It’s not hard to see why men get into hobbies like softball: they generate some nice endorphin rushes, give you a built-in group of people to go to bars with, and appease the aching sorrow that comes from learning that you’ll never make it in the major leagues. Unfortunately, something that’s often viewed as a wimpier form of baseball (from what we hear; we’re not here to judge) probably won’t help you win over the ladies.
Like it or not, women are simply predisposed towards finding some hobbies more attractive than others. We’re not saying that you should give up activities that you enjoy just to impress members of the opposite sex, but if you’re looking to score off of the playing field, you might just want to throw one of the following into the mix.
One of the fastest ways to lure in women looking for a good time is to get yourself a bike. And we don’t mean the kind that requires shorts so tight that they restrict blood flow to important parts of your anatomy; we’re talking about the ones that purportedly make women tingle in special places when you open the throttle. Sure, riding a motorcycle is one of the more dangerous ways you can choose to get around, but the upside is that women love men who aren’t afraid of a bit of danger. Just remember that there’s very little standing between successfully seducing women and ending up as a pancake on the highway (hint: part of that “very little” is wearing a helmet). If you do decide to go this route, consider taking lessons; 92% of riders involved in accidents taught themselves, or were taught by a family member or friend.

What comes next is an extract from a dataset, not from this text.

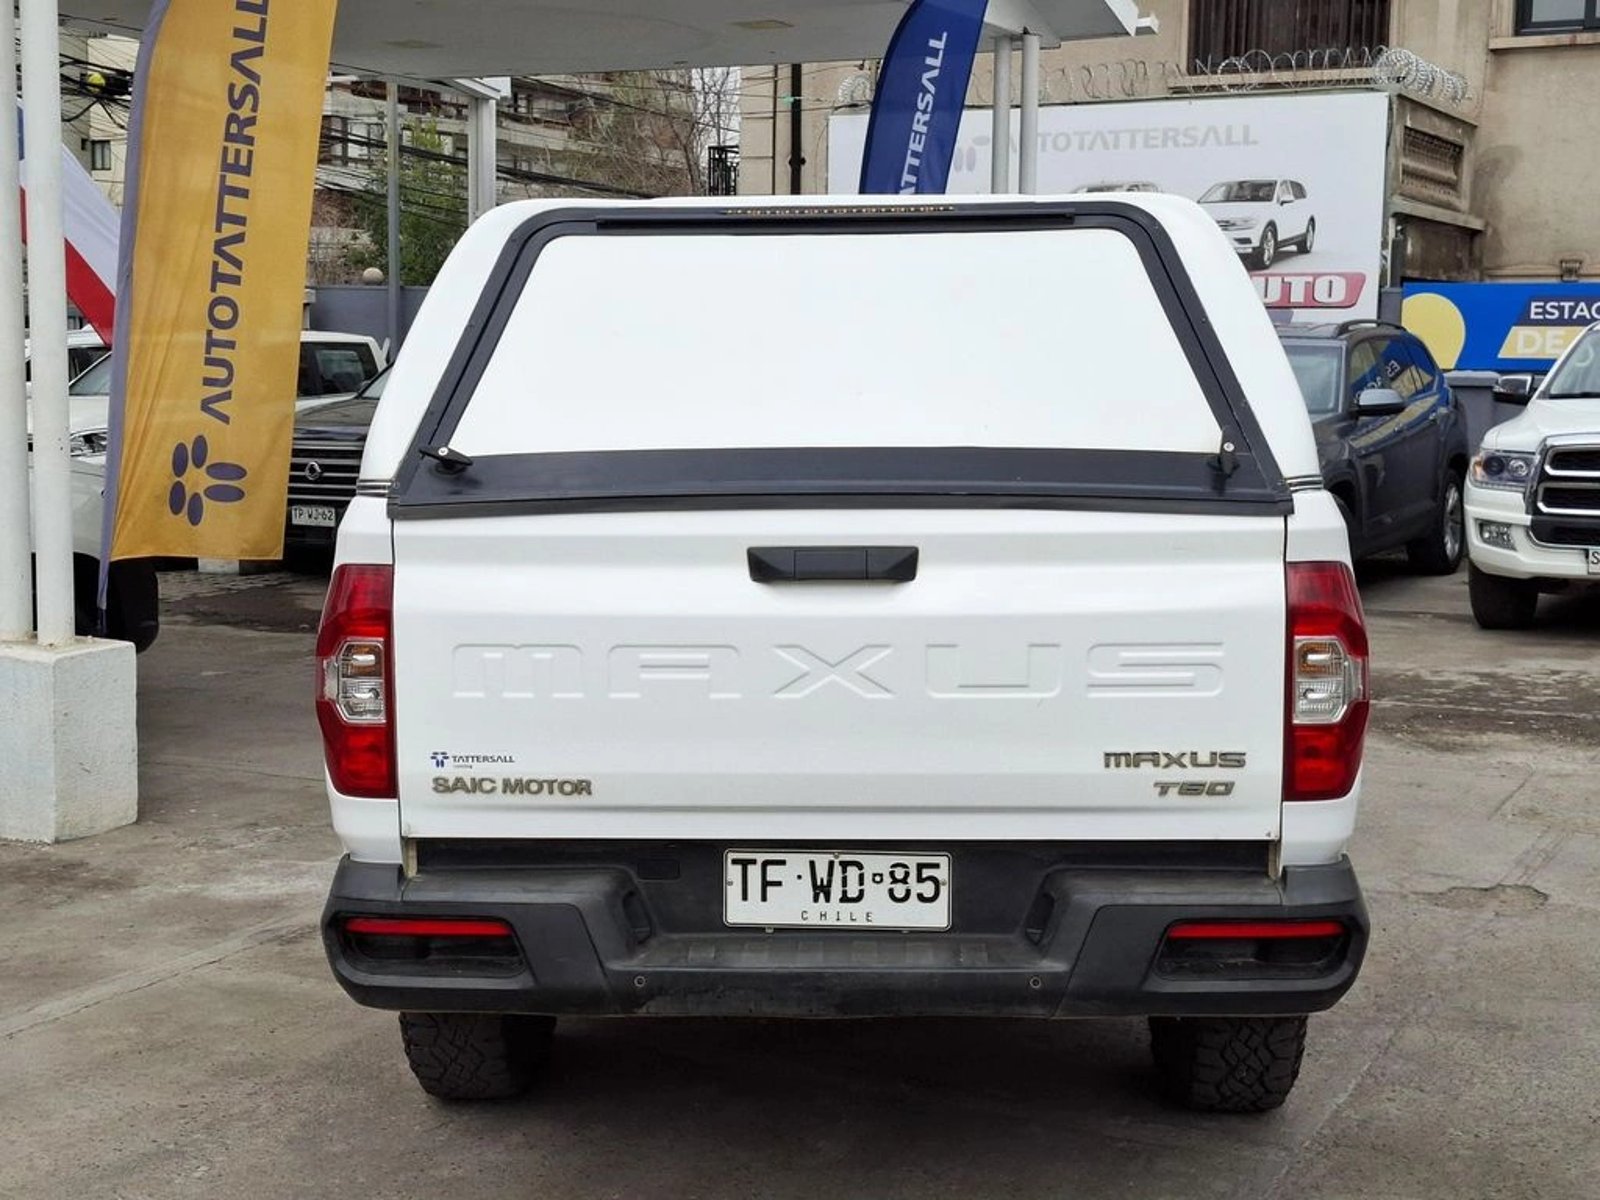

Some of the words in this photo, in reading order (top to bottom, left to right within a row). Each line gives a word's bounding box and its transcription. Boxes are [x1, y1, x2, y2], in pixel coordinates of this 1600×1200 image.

Recreational sports can be iffy in the attraction department. On the one hand, they’ll turn you from a flabby, lazy couch potato into a hardened ball of steely muscles – or at least a slightly less flabby and less lazy couch potato who owns cleats. On the other hand, not all girls are into sports, and they won’t necessarily want to sit around and listen to you talk about your hobby ad nauseum. As long as you can learn to keep most of the details of this activity to yourself (unless she asks), you’ll ensure that your dates will be able to enjoy the benefits of your physical prowess without having to know what “offside” means. One caveat: if you plan on inviting her to a game, make sure that you’re impressive to watch. No girl wants to see her man get out-run by insolent teenagers and old men who spend way too much time working out.
Playing In a Band
It’s time to dust off that guitar that you’ve been “learning how to play” for the past ten years and, you know, actually learn how to play it. We’re not sure what the evolutionary basis is for it, but women love men who play instruments in bands. Maybe it has something to do with seeing men exhibit their sensitive and creative sides. Or maybe it’s just the hope that someone will get sweaty and take his shirt off. Regardless, the type of music you choose to play will determine the type of women you end up attracting. Rocking out will give you access to a different crowd than will joining a marching band, brushing up on your polka, or getting involved with anything that has the word “mariachi” in it. Before you ask, playing video game instruments absolutely does not count.
Bars have changed a lot in recent years. They’re no longer the smoke-filled, sticky-floored dens of iniquity and moral laxness that they once were. Some of the changes have come about in an attempt to broaden their appeal to members of the fairer sex; others are, you know, meant to stop people from getting cancer against their will. Although women will probably never admit it, they sometimes have a yearning for those darker, dive-ier days, and the alpha males they imagine populated them. That’s why it’s good for you that they’ve yet to abolish the hallowed pool table. Playing pool with style and grace is a great way to evoke those bygone days. It’s also a great way to break the ice, especially if you throw in a little friendly betting that has the chance to result in free drinks – or the removal of articles of clothing.
Working on Cars
Cars are tricky things, and unfortunately for those of us who haven’t spent years taking them apart and (hopefully) putting them back together again, we have to deal with them whether we want to or not. Because of this, a person with any sort of advanced knowledge about how to procure, maintain, fix and sell vehicles can be a godsend to us lesser mortals. Not to mention the fact that someone who isn’t afraid to get a little dirty is always sexy. As an added benefit, the number of pickup lines littered with double-entendres that you can come up with involving oil, lube and pistons is virtually endless. What woman could possibly resist you telling her she runs so smoothly, you just can’t wait to get a peek under her hood?